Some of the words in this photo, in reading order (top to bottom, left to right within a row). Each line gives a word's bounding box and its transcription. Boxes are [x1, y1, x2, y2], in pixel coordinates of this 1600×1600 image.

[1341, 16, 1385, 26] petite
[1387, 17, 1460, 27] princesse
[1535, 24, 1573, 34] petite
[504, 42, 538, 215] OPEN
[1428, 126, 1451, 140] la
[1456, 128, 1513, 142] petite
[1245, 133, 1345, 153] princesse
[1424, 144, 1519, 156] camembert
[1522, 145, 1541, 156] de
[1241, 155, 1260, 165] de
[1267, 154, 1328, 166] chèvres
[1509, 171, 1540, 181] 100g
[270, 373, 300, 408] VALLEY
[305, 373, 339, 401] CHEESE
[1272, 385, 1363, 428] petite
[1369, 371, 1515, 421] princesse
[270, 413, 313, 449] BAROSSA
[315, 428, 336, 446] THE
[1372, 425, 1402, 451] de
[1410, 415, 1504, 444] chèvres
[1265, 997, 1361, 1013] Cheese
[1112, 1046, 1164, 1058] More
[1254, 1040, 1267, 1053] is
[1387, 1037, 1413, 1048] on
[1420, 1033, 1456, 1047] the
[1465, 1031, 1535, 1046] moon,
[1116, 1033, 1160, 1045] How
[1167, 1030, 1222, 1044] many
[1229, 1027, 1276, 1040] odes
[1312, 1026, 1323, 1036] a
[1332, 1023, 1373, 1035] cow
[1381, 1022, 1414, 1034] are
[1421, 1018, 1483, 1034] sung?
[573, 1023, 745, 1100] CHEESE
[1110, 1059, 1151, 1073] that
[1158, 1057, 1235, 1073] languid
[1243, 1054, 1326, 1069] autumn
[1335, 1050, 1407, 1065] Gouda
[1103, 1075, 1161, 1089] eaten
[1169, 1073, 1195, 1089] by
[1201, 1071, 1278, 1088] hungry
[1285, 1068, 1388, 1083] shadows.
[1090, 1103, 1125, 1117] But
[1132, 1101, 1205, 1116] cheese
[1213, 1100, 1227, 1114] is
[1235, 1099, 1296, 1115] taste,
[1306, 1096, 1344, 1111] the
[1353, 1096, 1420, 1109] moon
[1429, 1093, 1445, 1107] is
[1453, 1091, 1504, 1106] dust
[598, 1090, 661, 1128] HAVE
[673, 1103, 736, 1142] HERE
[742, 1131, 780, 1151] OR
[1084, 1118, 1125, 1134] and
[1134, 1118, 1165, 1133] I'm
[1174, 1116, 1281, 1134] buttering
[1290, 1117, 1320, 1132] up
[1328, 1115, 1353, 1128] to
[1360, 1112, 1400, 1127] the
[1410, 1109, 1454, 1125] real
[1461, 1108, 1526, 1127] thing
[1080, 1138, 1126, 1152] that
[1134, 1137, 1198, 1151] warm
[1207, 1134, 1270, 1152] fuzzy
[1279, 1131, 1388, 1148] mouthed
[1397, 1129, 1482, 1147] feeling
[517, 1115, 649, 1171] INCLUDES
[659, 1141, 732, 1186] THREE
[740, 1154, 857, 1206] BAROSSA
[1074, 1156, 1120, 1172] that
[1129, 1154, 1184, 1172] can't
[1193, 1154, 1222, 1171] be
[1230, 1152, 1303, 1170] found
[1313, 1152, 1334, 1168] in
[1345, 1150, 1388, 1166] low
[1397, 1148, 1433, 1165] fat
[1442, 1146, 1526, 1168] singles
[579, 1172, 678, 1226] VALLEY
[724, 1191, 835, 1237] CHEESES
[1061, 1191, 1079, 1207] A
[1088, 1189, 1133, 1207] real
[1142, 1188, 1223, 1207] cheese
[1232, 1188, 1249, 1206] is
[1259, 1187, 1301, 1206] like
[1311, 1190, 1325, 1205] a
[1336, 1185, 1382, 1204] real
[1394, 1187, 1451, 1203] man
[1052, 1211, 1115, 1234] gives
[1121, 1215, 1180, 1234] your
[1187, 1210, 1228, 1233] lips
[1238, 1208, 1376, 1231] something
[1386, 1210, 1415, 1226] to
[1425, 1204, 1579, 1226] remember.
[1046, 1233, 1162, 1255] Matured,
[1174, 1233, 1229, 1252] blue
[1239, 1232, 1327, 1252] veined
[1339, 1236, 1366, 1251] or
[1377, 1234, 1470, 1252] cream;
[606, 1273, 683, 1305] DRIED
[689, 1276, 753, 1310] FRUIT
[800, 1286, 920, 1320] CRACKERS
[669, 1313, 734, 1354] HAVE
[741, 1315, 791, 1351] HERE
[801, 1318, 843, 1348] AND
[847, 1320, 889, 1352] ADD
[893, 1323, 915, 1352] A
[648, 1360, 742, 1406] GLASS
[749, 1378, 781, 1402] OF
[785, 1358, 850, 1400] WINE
· · · · · · ·
**EXERCISE OBJECTIVE**
Show every line of the listing in which the string "that" can be found.

**ANSWER SECTION**
[1110, 1059, 1151, 1073] that
[1080, 1138, 1126, 1152] that
[1074, 1156, 1120, 1172] that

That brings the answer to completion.